Awan tebal menggantung di Langit New York, tetapi hujan tidak turun. Ini cocok untuk kesempatan kali ini. Untuk pemakaman Salvatore Vittielo, elit New York, Familia serta anggota terpenting dari Chicago telah berkumpul di pemakaman. Pemakaman di sekelilingnya telah di tutup dan sebagian besar anggota New York berjaga untuk memastikan The Bravta tidak mengganggu pemakaman tersebut.
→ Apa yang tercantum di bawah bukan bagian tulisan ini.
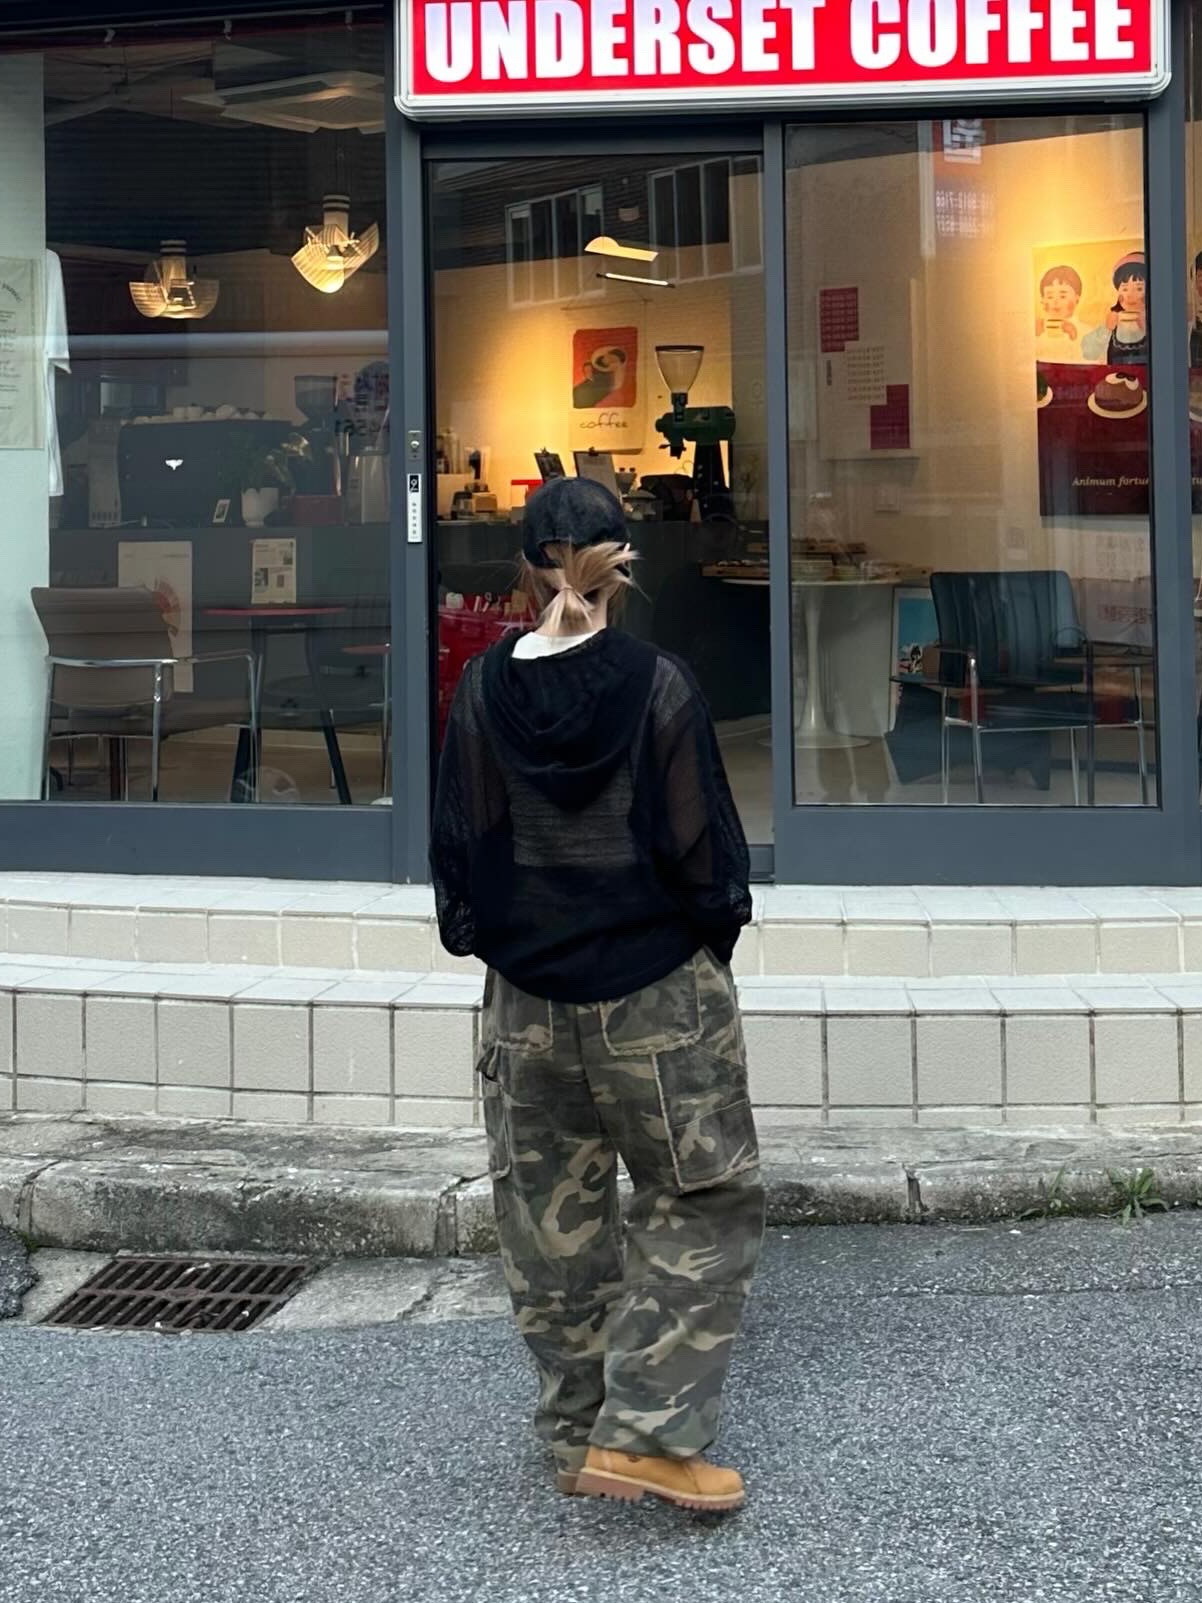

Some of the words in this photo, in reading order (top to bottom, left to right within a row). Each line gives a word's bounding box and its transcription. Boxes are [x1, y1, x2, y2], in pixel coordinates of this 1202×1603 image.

[424, 0, 825, 83] UNDERSET
[850, 0, 1135, 70] COFFEE
[579, 412, 629, 429] coffee
Pertemuan anggota terpenting New York dan Chicago saat ini merupakan sebuah resiko, tapi menghormati Capo dei Capi lebih penting.
Luca berdiri tegak dan tabah disamping makam ayahnya. Dia sekarang adalah Capo dei Capi baru dan dia tidak bisa menunjukan sedikit kelemahan apapun, bahkan setelah kematian ayahnya. Luca dan ayahnya tidak terlalu dekat dengan ayahnya dalam pengertian tradisional, tapi kehilangan orang tua mu, tak peduli sekejam dan sedingin apapun orang tuamu, selalu menciptakan lubang dalam dirimu. Bisa kukatakan banyak pria yang lebih tua di Familia menatap Luca dengan tatapan penuh perhitungan di mata mereka.
Luca tidak menunjukan indikasi apapun bahwa dia menyadari tapi tentu saja itu hanya sebual peran. Jadi segera setelah dia mendapatkan kekuasaannya adalah saat yang paling berbahaya. Aku tidak mengenal Salvatore Vittielo dengan baik dan aku tidak menyesal. Untukku pemakamannya hanya berarti satu hal; aku memiliki kesempatan untuk bertemu keluarga ku lagi.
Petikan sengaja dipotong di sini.